Last Monday, I chanced upon an e-bike lying on its side on the strip of grass between the sidewalk and the street. Odd, I thought. I looked around, saw no one, continued on my way.
The bike was still there that afternoon and the next morning and all the rest of the week. Stolen, then ditched? An abandoned rental?
On Friday, I called the State College police. Soon, an officer pulled up, loaded the bike in his car and hauled it away.
You’ve got to like a town where the cops can respond so quickly to such a miniscule matter.
You’ve got to love a town where a week can go by without anyone taking an item that doesn’t belong to them.
I didn’t used to love State College. When I got here 30 years ago, I thought Penn State was a jock school with all the trappings of a jock school: fraternities, loud parties, drunks staggering down the street and a lot of rah-rah nonsense. For the first 16 years I lived here, I had a front-row seat: My house in the Highlands was within a couple of blocks of 30 frat houses.
My boisterous neighbors gave me plenty to write about: home invasions, stolen porch furniture and, on the darker side, hazing deaths and sexual assaults.
All these years later, people still ask me about the Woo People – the name I bestowed on the students in my midst via the same logic ornithologists apply when assigning names like bobwhite, chickadee and whippoorwill according to the sounds those birds make.

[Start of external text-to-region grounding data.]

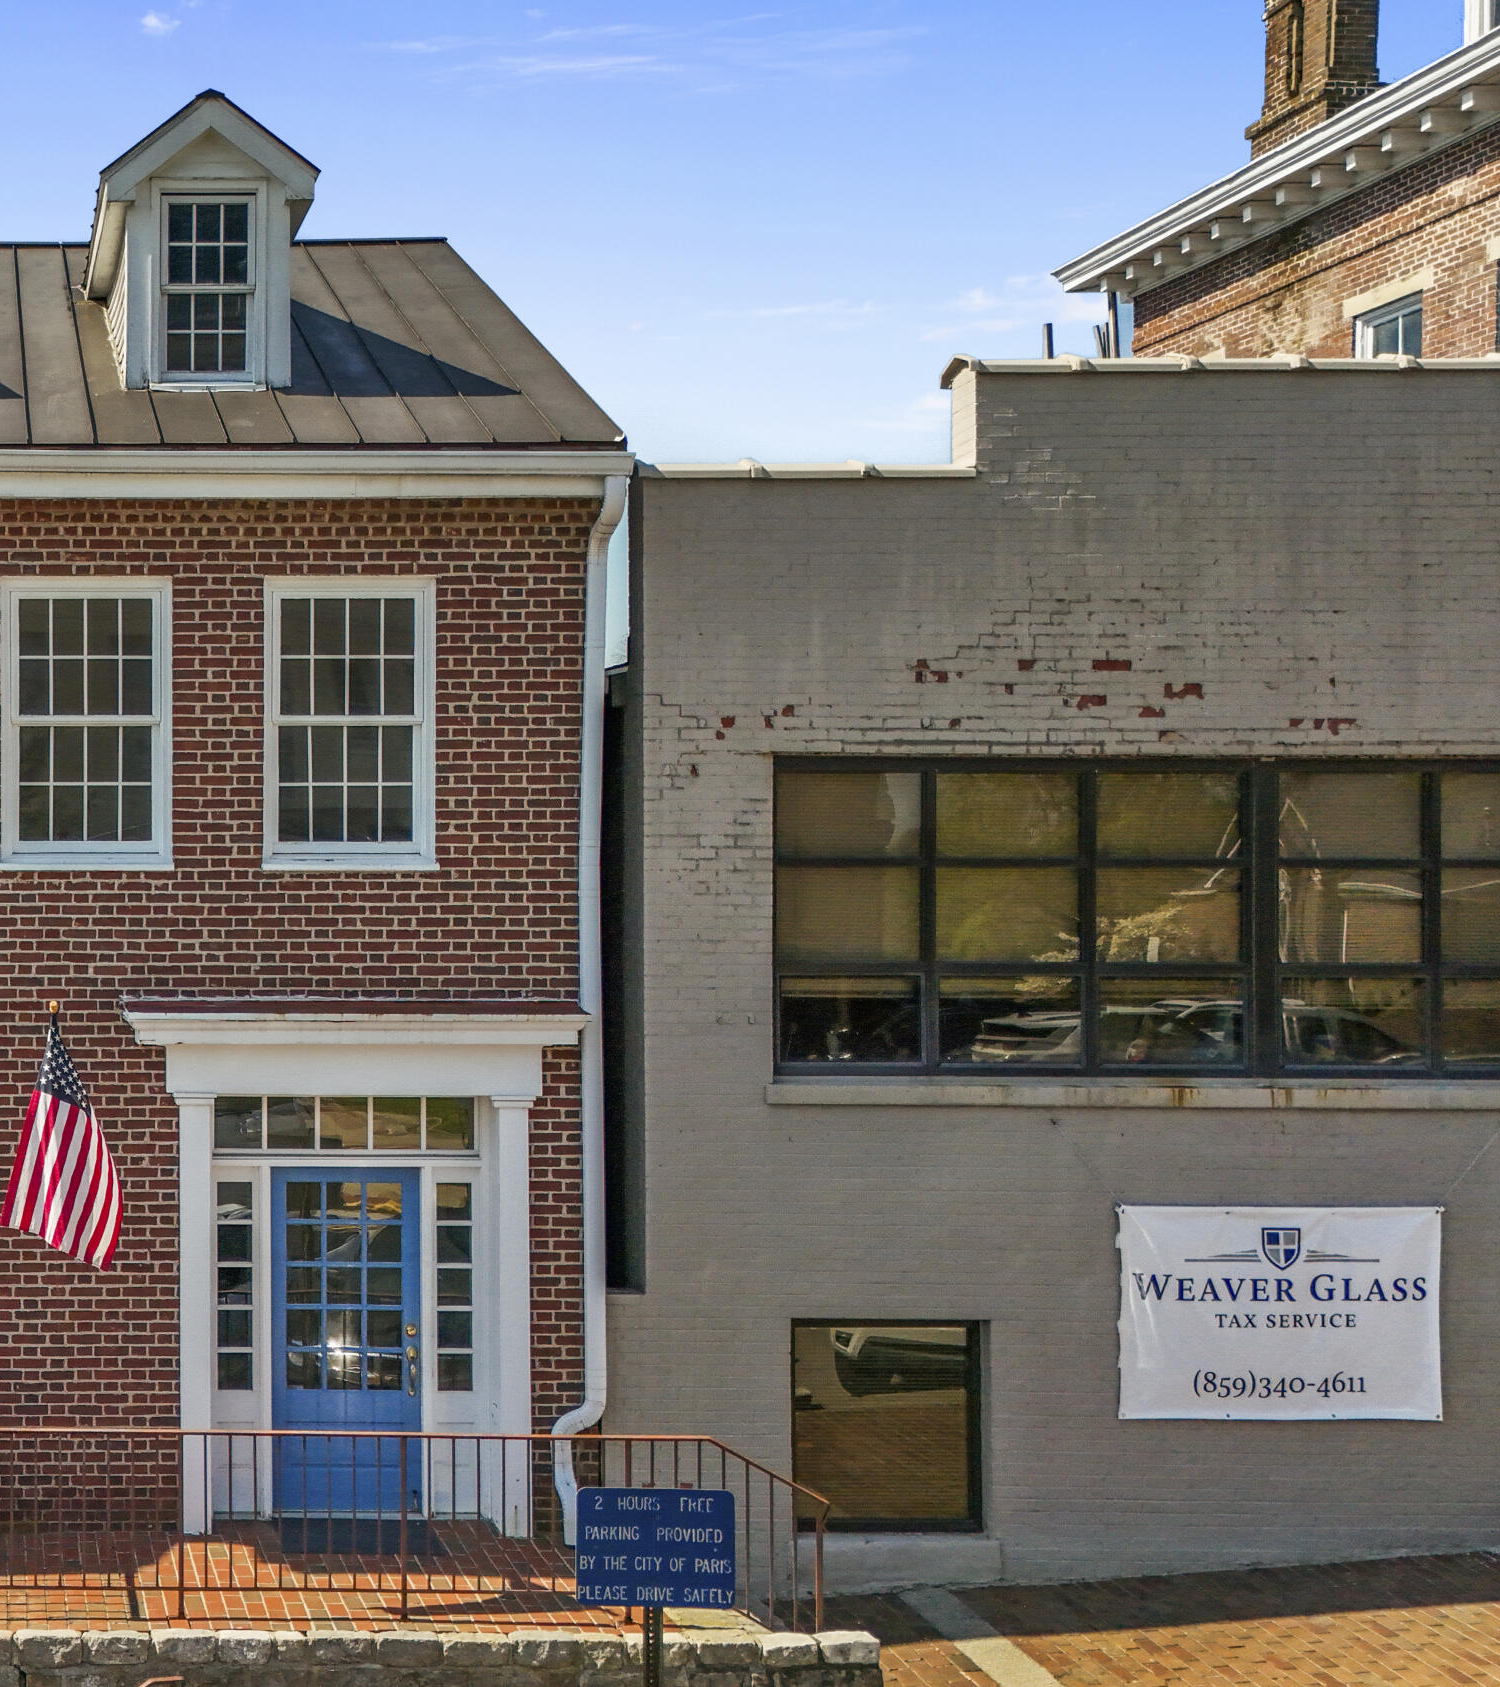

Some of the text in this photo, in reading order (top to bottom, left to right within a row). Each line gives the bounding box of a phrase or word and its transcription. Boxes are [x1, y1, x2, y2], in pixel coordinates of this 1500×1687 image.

[1132, 1272, 1427, 1302] WEAVER GLASS
[1215, 1313, 1357, 1329] TAX SERVICE
[1193, 1369, 1367, 1399] (859)340-4611
[594, 1495, 714, 1513] 2 HOURS FREE
[585, 1526, 723, 1544] PARKING PROVIDED
[579, 1556, 732, 1574] BY THE CITY OF PARIS
[577, 1586, 734, 1604] PLEASE DRIVE SAFELY
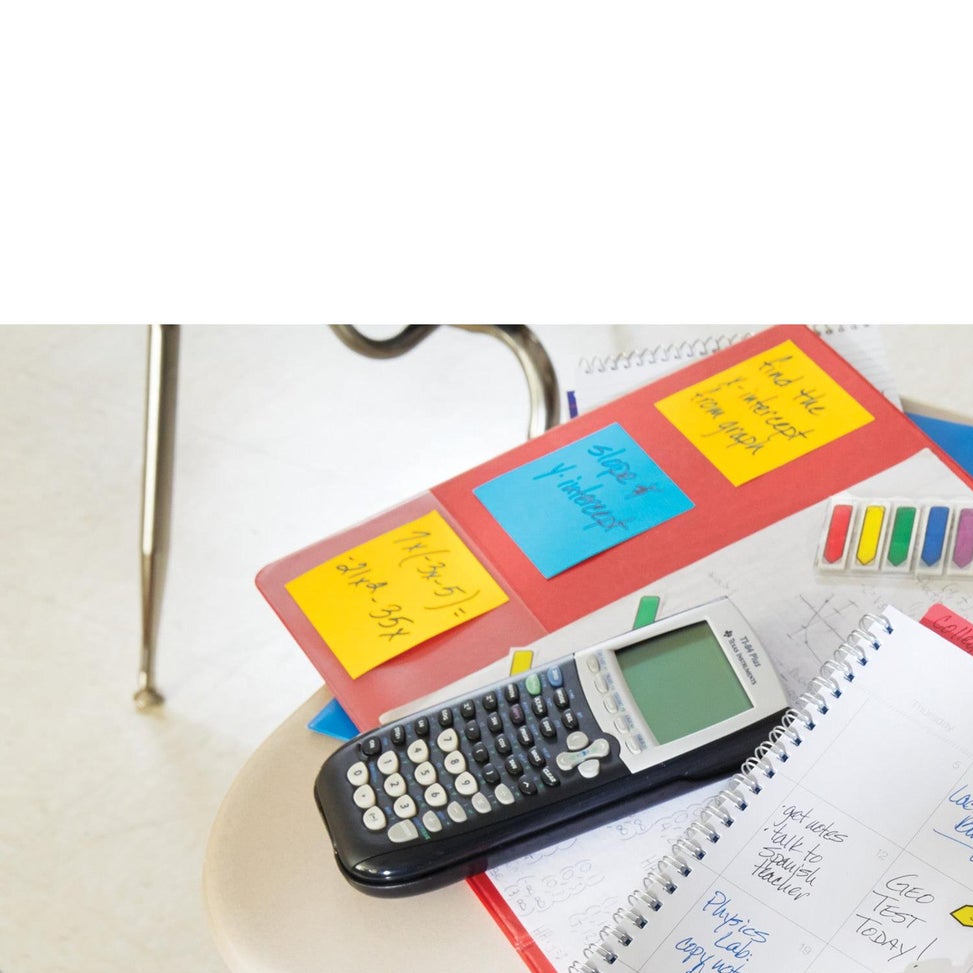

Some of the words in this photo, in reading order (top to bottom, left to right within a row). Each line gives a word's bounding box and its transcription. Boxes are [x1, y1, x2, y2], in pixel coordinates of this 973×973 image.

[690, 385, 724, 420] from
[758, 355, 804, 387] find
[792, 388, 826, 416] the
[701, 420, 769, 456] graph
[587, 444, 636, 484] slope
[771, 823, 803, 853] talk
[804, 844, 823, 864] to
[774, 806, 814, 827] get
[805, 822, 848, 843] notes
[751, 858, 809, 900] teacher
[885, 874, 935, 904] GEO
[702, 890, 770, 944] Physics
[872, 890, 926, 928] TEST
[675, 937, 712, 973] copy
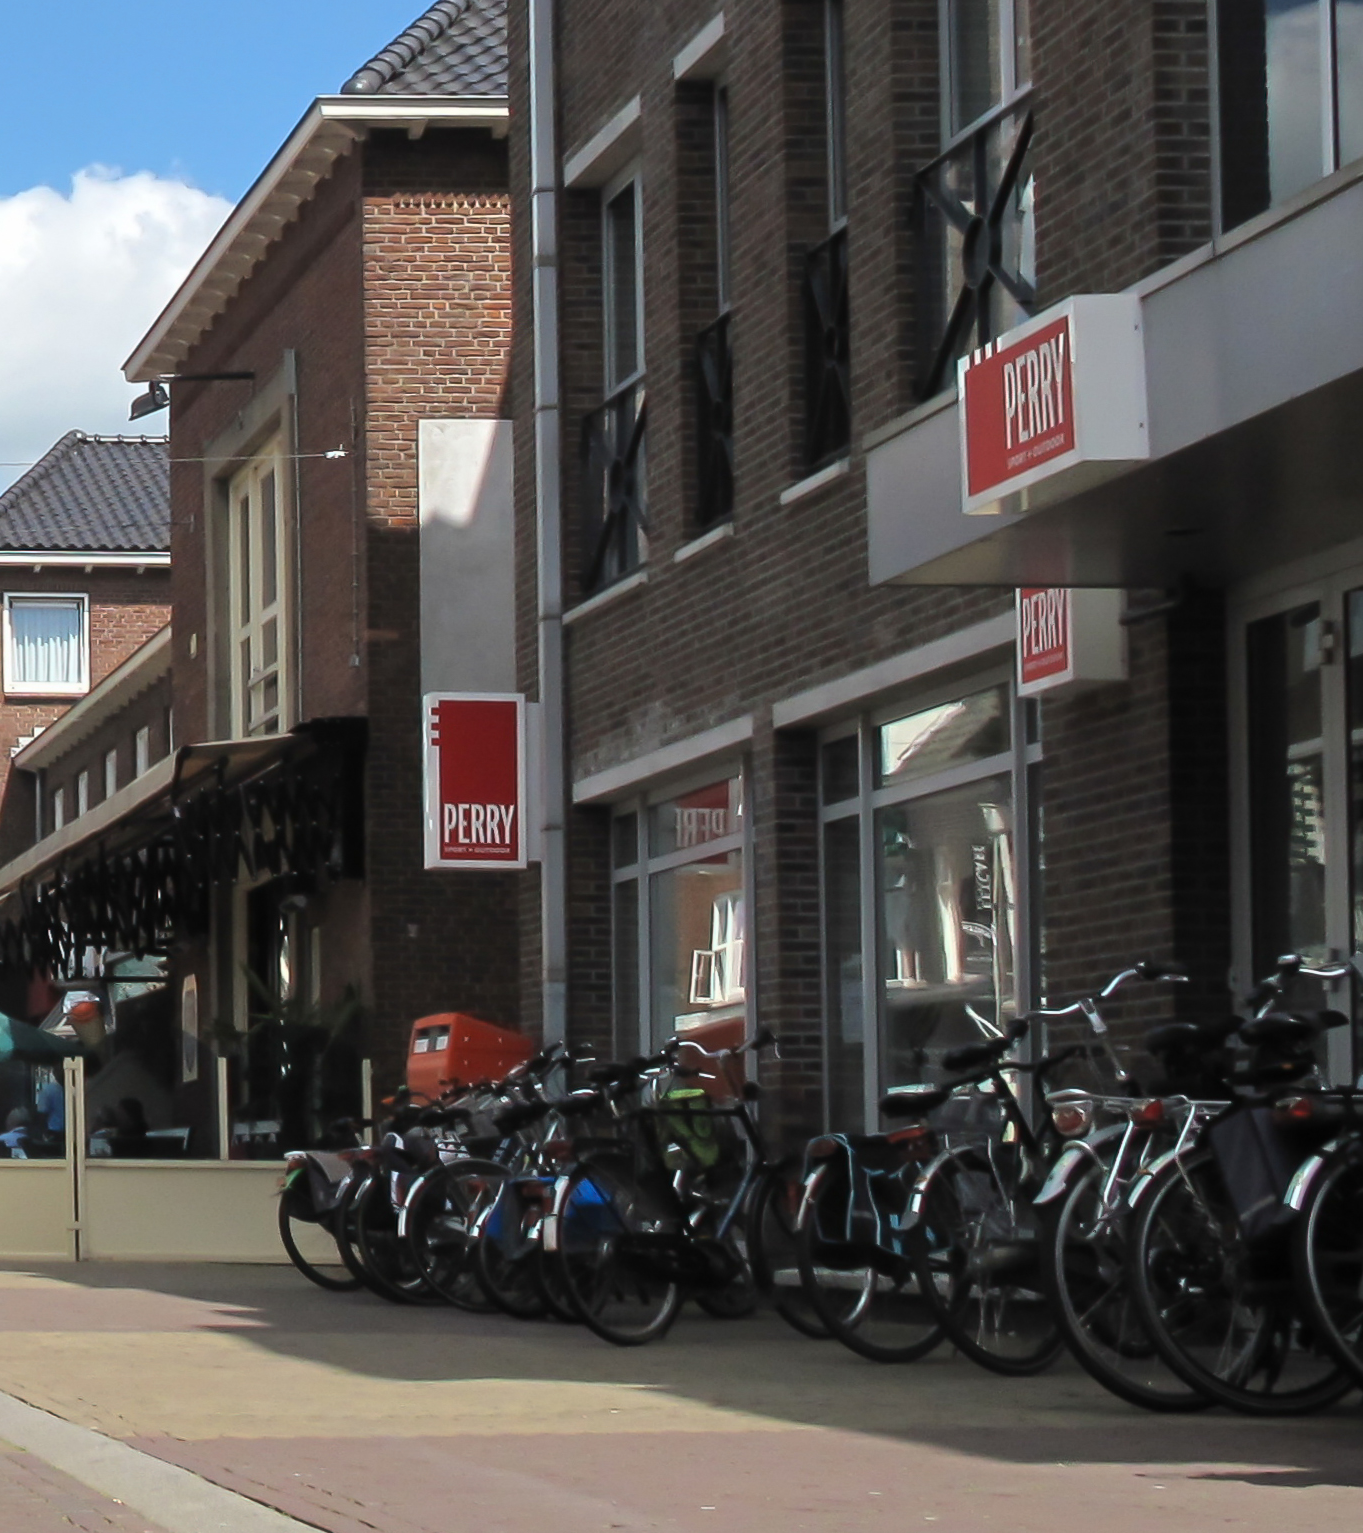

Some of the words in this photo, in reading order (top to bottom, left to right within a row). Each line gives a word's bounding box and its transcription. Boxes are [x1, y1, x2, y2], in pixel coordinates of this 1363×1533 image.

[1003, 331, 1065, 450] PERRY
[1022, 589, 1064, 658] PERRY
[444, 803, 515, 845] PERRY

On balance, I found State College kind of funny back then, kind of delusional and kind of dumb, for a college town. The dearth of bookstores downtown, I thought, spoke volumes (so to speak). There was Svoboda’s for new books and Webster’s for used ones. Then, from the time Svoboda’s closed in 2000 until Squirrel & Acorn arrived a couple of years ago, Webster’s was pretty much the only game in town.
Last spring, two of my oldest friends were considering moving here (they did). They wanted to know how I felt about this place where I have now lived longer than I have lived anywhere else on Earth.
In no particular order, I covered the transportation difficulties (yes, the airport’s easy if you don’t mind puddle-jumping and paying extra); the arts-and-culture scene (two thumbs up); the community’s growing diversity (two more thumbs up); the food scene (meh); the healthcare options (good on flesh wounds, best to go to the big city for the life-and-death stuff); the sporting life (Penn State women’s volleyball!);
How one feels about this place, any place, is largely a matter of attitude. I’ve known people who thought Nowheresville was a more apt name than Happy Valley and couldn’t wait to leave. I’ve also known people who thought they’d found Heaven on Earth when they moved here and can’t imagine living anywhere else.
I’ve never been solidly in either camp, but these days, I’m happy to report, I’m closer to the Heaven end of the spectrum than the Nowhere end. Part of the reason is that there has always been more to State College than meets the eye. The jock school culture was so dominant that it was hard to see what else was here, at first.
Not surprisingly, the longer you live in a town, the more like-minded people you find and, with their help, the better you get at knowing where to look for the things that feed your soul. (For the record, I like sports; what I don’t like is sports-as-religion.)
For as long as I’ve lived here, there have been poetry readings and lecture series and live music and showings of films you would not see in a commercial theater. But now there’s more of everything.
In the past year I’ve heard music at Elk Creek Café, Acoustic Brew, the State Theatre, Manny’s, 3 Dots, Webster’s, Boal City Brewing, Concerts on the Green in Lemont, Kyle Peck and Catherine Augustine’s house, Pine Grove Hall, Eisenhower Auditorium, Schwab Auditorium and Penn State’s School of Music. And that’s not counting the bars, the festivals and the places I haven’t made it to for one reason or another.
My friends and acquaintances are Lebanese, Indian, Greek, English, Swiss, German, Ukrainian, Turkish, Japanese, Chinese, Ghanaian, South African, Nigerian, Spanish, Russian, Israeli, Polish and probably a few other places I’m forgetting.
Because of its size, State College will never be as interesting as New York or Philly or Pittsburgh. But I now find it plenty interesting enough. Plus, after 30 years, I’m deeply entrenched in a community. And if an e-bike were left on the street in New York or Philly or Pittsburgh, I doubt it would still be there five days later.
That counts for something.
All of which is to say, on this week of Thanksgiving, that I am grateful for the life I have lived in this middle-of-nowhere college town.